Dans le genre cauchemar perturbant par leur réalisme, mon cerveau a fait fort ce soir. ><
Ça commence avec ma boîte qui décide de faire à ses employés des entretiens par une agence de recrutement externe. Le but est d'analyser notre intégration dans la boîte et nos méthodes de travail individuelles, afin d'améliorer notre productivité. Quand vient mon tour, j'ai affaire à un type strict, peu sympathique sans être non plus cruel. Désagréable, mais juste assez poli pour qu'on ne puisse rien répondre. Durant l'entretien, il m'interrompt parfois pour me demander d'aller droit au but plutôt que d'énumérer des points préparés, et me demande de répéter une phrase parce que je faisais trop de bruit avec ma chaise. Ses questions sont du genre « Quelles valeurs ajoutés offrez vous à votre entreprise ? », « En quoi êtes vous indispensable à l'entreprise ? », « Vous sentez-vous impliqué dans la réussite de l'entreprise ? ».
Le verdict, donné immédiatement sous forme d'une fiche remplie avec une écriture digne d'un médecin, est sans appel. Je dois :
- Faire davantage d'exercice
- Changer mes habitudes vestimentaires
- Utiliser du
beun pour les cheveux
- Travailler plus
(plus d'autres que je n'ai pas eu le temps de lire)
Les trois premiers points sont là pour donner une bonne image de l'entreprise. En ayant l'air chétif, habillé et coiffé n'importe comment, je nuirais à ma boîte.
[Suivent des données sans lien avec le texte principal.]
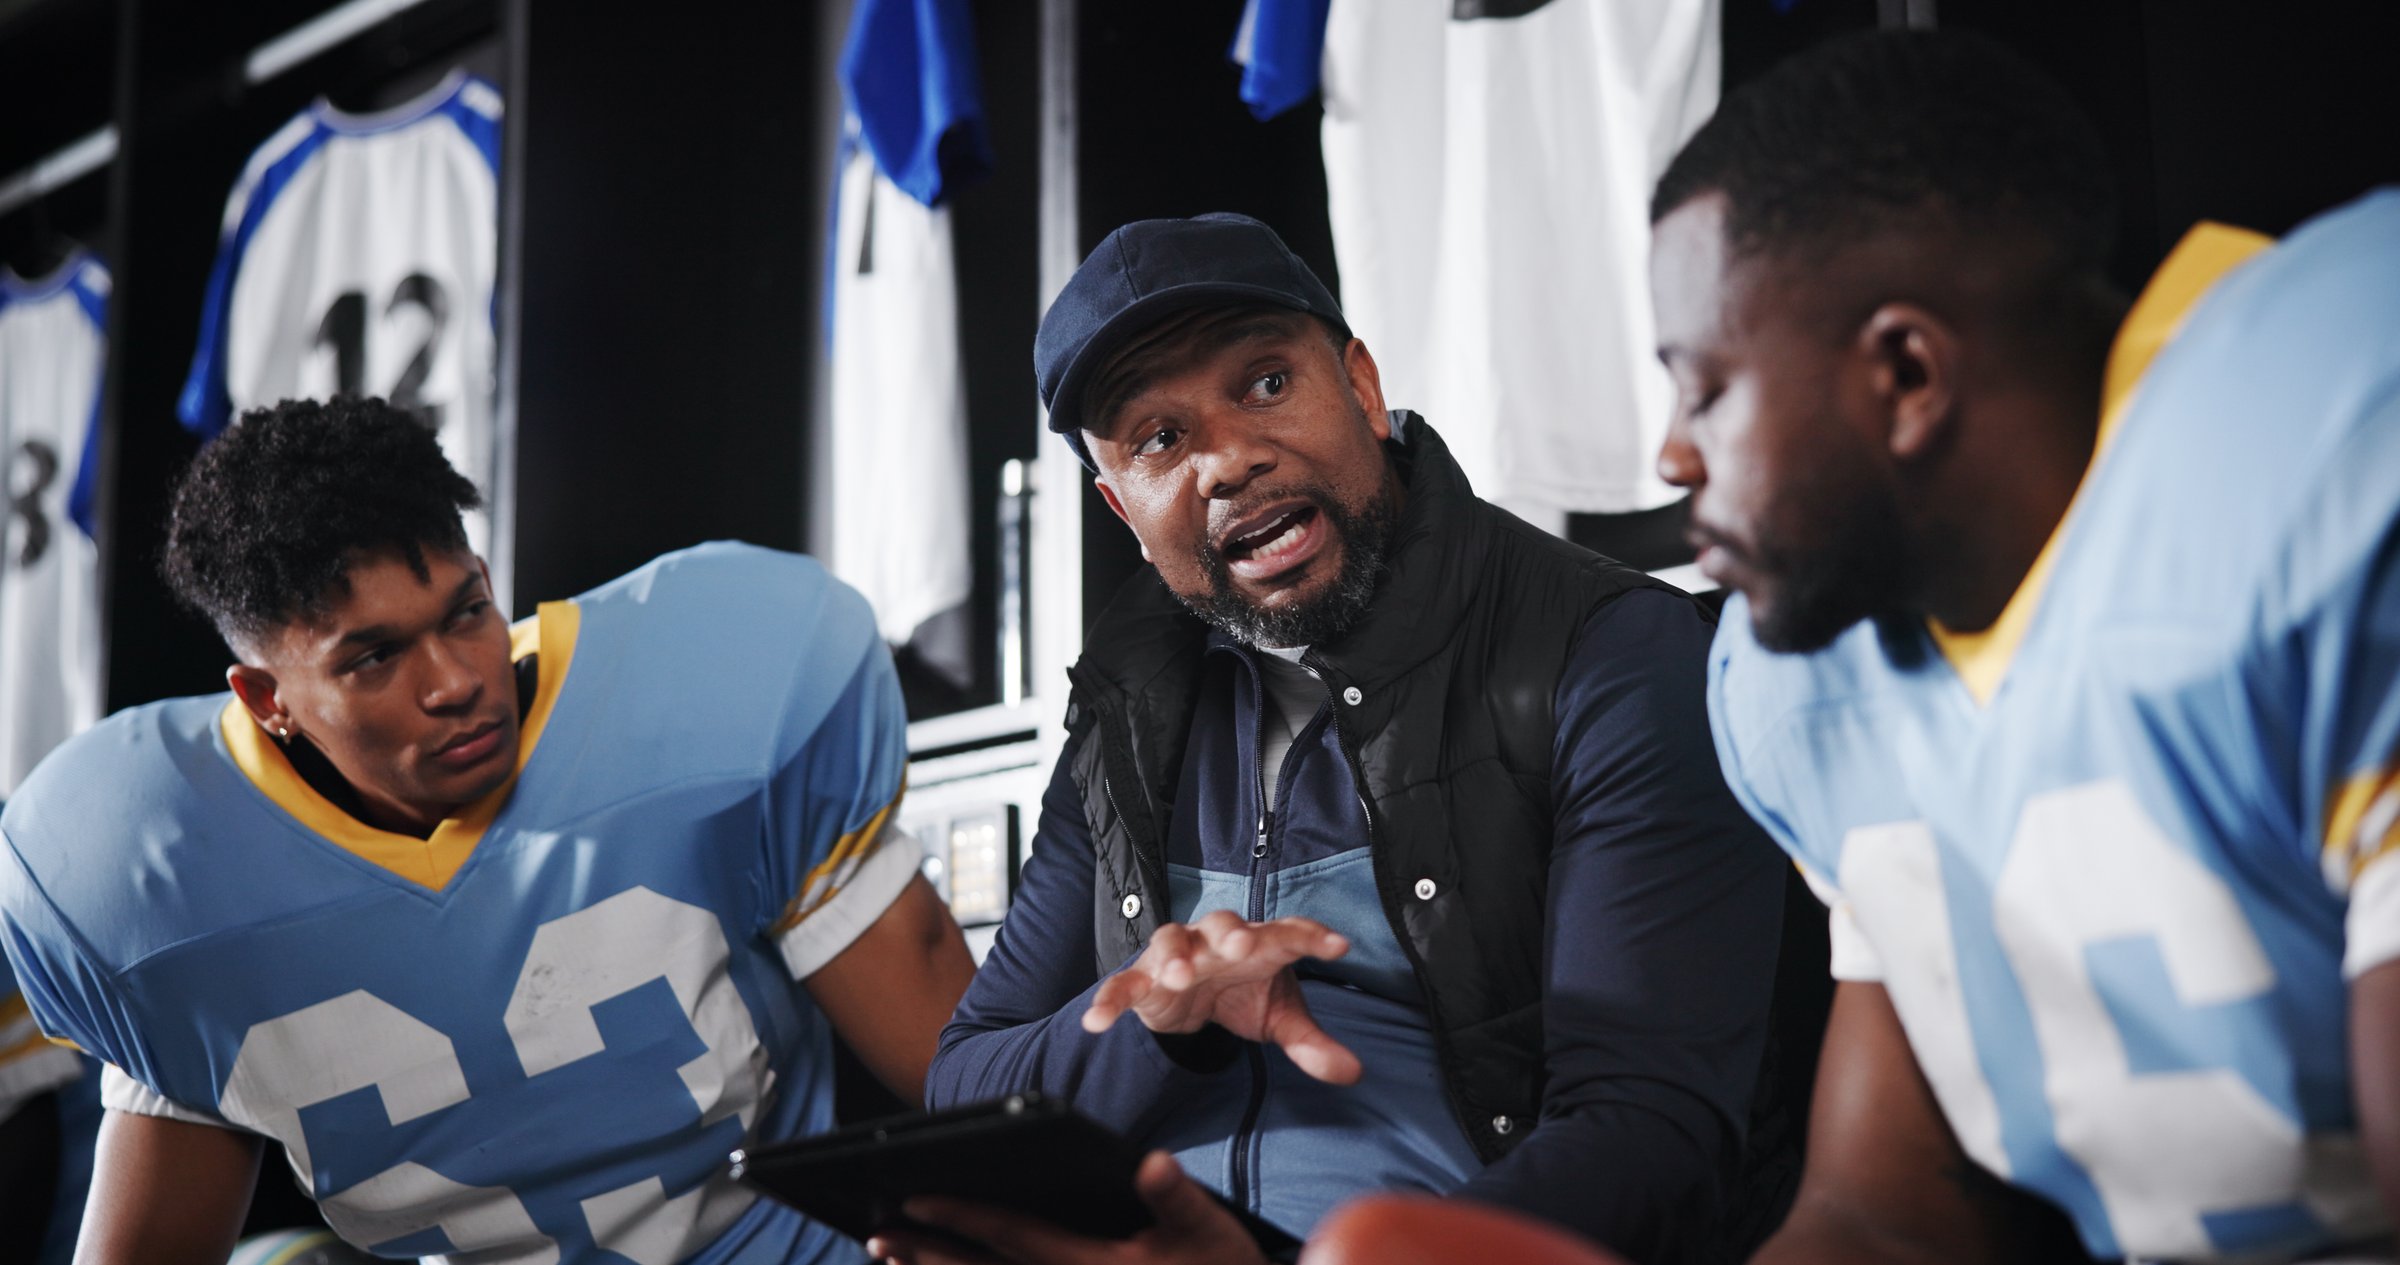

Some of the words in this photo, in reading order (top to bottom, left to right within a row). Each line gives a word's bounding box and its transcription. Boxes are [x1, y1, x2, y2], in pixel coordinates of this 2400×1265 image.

[314, 272, 448, 429] 12
[219, 885, 775, 1265] 63
[1838, 780, 2370, 1262] 16
J'ai aussi demandé ce qu'était un
beun, ce qui l'a beaucoup étonné. Toujours sur ce ton poli mais condescendant, il m'a rétorqué
« Je ne vous explique pas ce qu'est un beun, tout de même ! Vous ne savez vraiment pas ? Eh bien, ça explique des choses… Un beun, c'est… Comment dire ? Un beun, voyons ! Une sorte de shampoing démêlant. Vous n'avez donc jamais vu les gens en utiliser autour de vous ? ». Même si j'essayais de ne pas me décontenancer, c'était plutôt embarrassant.
La partie me gênant le plus était tout de même celle qui insinuait que je ne travaillais pas assez. J'ai expliqué que j'essayais de m'impliquer autant que je le pouvais dans mon travail, mais que je ne suis pas du genre à me tuer à la tâche… Mais peu sûr de moi, je culpabilisais surtout d'apparaître paresseux. J'ai d'autant plus culpabilisé quand il m'a demandé le dernier chiffre d'affaire de l'entreprise. Je l'ignorais complètement, et j'ai répondu que je m'y intéresse surtout aux réunions de bilan semestriel, et qu'encore c'était les pourcentages de hausse ou de baisse qui me paraissaient pertinent. Là encore, l'examinateur a été surpris, et a insisté pour savoir si je ne savais vraiment aucun chiffre. Il a dû demander à une collègue pour connaître le chiffre d'affaire, et a constaté qu'il était « sur la moyenne ».
« Posez-vous alors cette question : depuis que l'entreprise vous a engagé, elle n'a pas vu son chiffre d'affaire augmenter. Trouvez-vous ça normal ? Qu'apportez-vous à l'entreprise, si votre travail ne lui apporte rien ? Vous sentez-vous concerné par la stagnation du chiffre d'affaire de votre entreprise ? Si oui, vous devez faire plus d'efforts pour changer les choses et faire progresser sa réussite. Si non, qu'est-ce que vous faites encore ici ? Vous avez le droit de partir et de laisser votre place à quelqu'un de vraiment motivé. »
Dur à prendre en face.

Le rêve s'est poursuivi pour me laisser méditer sur ce bilan. Il y avait des araignées, et des types qui s'entraînaient au baseball sur un sentier de promenade, mais ça n'a pas suffi à me faire oublier les propos de l'examinateur. Je suis désagréable à l'œil, trop négligent, et je ne m'implique pas assez dans mon travail, voire représente un poids pour ma boîte. Je n'ai pas su quel était la part du juste et du exagéré dans ce jugement d'un inconnu, et n'ai pas arrêté de me demander si je devais changer drastiquement pour m'adapter à mon travail, ou le quitter parce qu'il ne me conviendrait pas.
Heureusement que j'ai pu réaliser au réveil qu'il s'agit de craintes plus ou moins absurdes.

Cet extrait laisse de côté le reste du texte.